Awesome
On Feature Learning in the Presence of Spurious Correlations
This repository contains experiments for the NeurIPS 2022 paper On Feature Learning in the Presence of Spurious Correlations by Pavel Izmailov, Polina Kirichenko, Nate Gruver and Andrew Gordon Wilson.
Introduction
Deep classifiers are known to rely on spurious features — patterns which are correlated with the target on the training data but not inherently relevant to the learning problem, such as the image backgrounds when classifying the foregrounds. In this paper we evaluate the amount of information about the core (non-spurious) features that can be decoded from the representations learned by standard empirical risk minimization (ERM) and specialized group robustness training.
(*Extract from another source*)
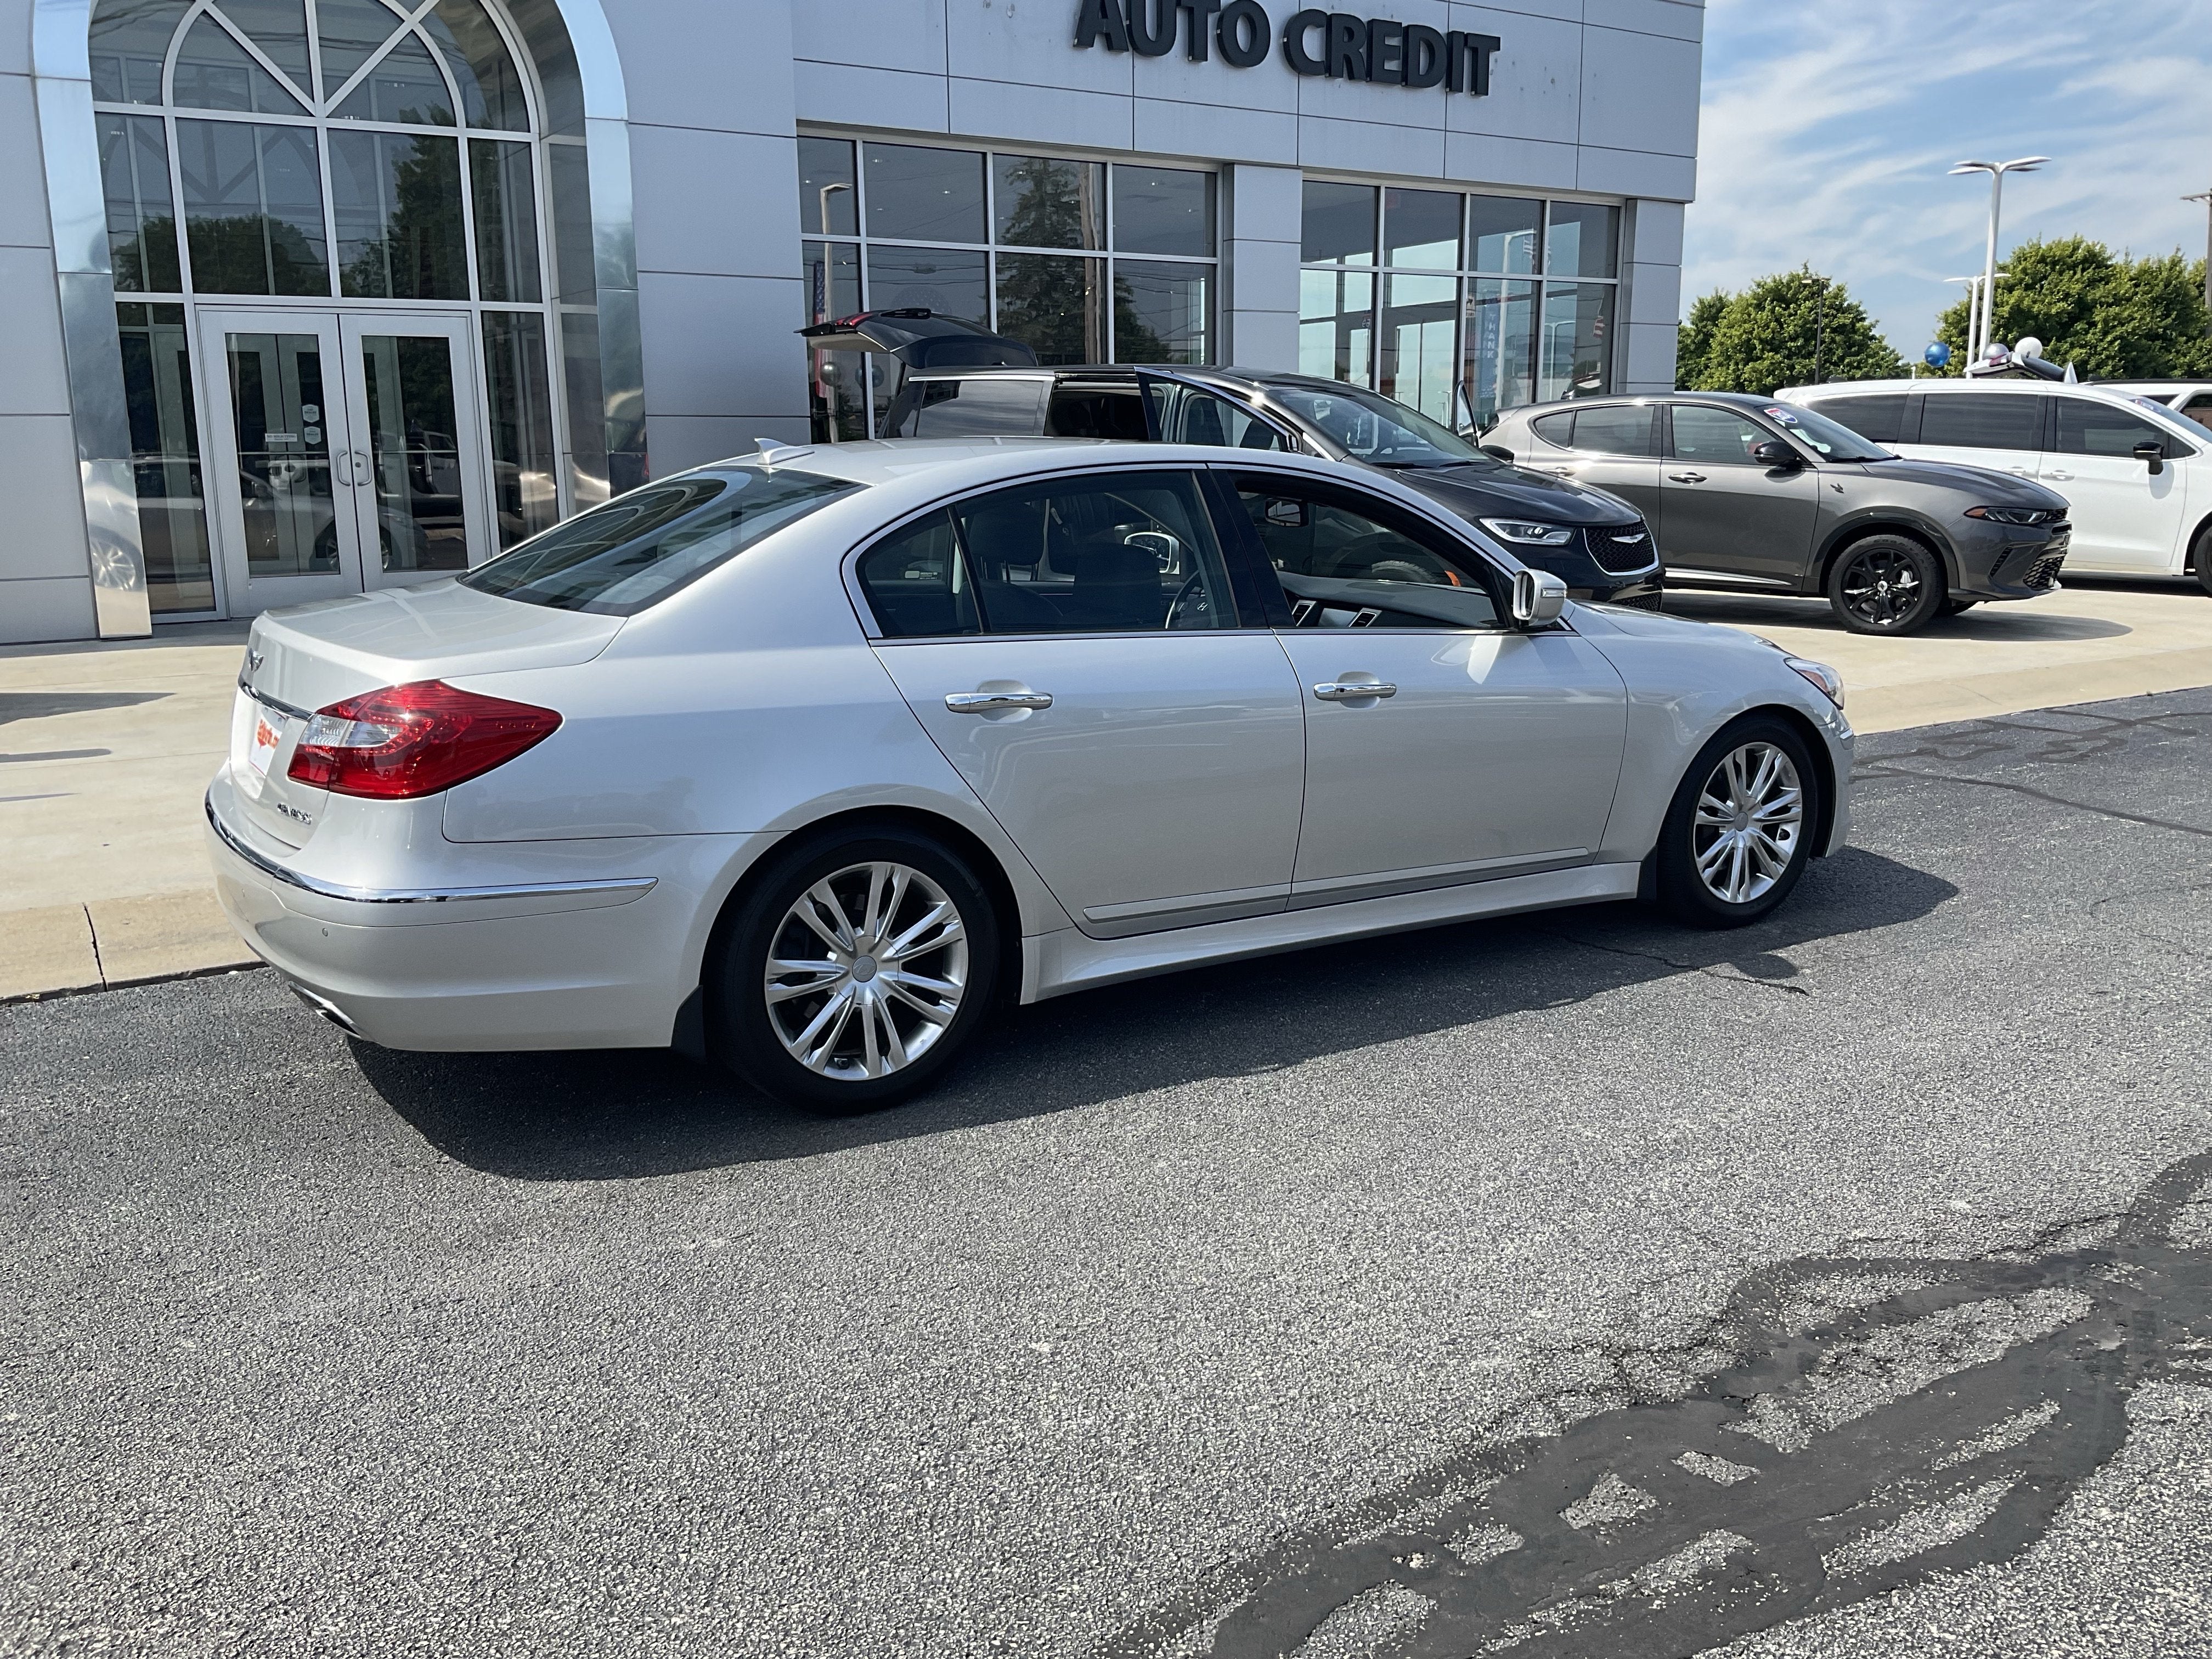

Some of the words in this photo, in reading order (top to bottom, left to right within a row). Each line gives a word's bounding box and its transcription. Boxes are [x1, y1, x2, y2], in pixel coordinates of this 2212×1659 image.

Following recent work on Deep Feature Reweighting (DFR), we evaluate the feature representations by re-training the last layer of the model on a held-out set where the spurious correlation is broken. On multiple vision and NLP problems, we show that the features learned by simple ERM are highly competitive with the features learned by specialized group robustness methods targeted at reducing the effect of spurious correlations. Moreover, we show that the quality of learned feature representations is greatly affected by the design decisions beyond the training method, such as the model architecture and pre-training strategy. On the other hand, we find that strong regularization is not necessary for learning high quality feature representations. Finally, using insights from our analysis, we significantly improve upon the best results reported in the literature on the popular Waterbirds, CelebA hair color prediction and WILDS-FMOW problems, achieving 97%, 92% and 50% worst-group accuracies, respectively.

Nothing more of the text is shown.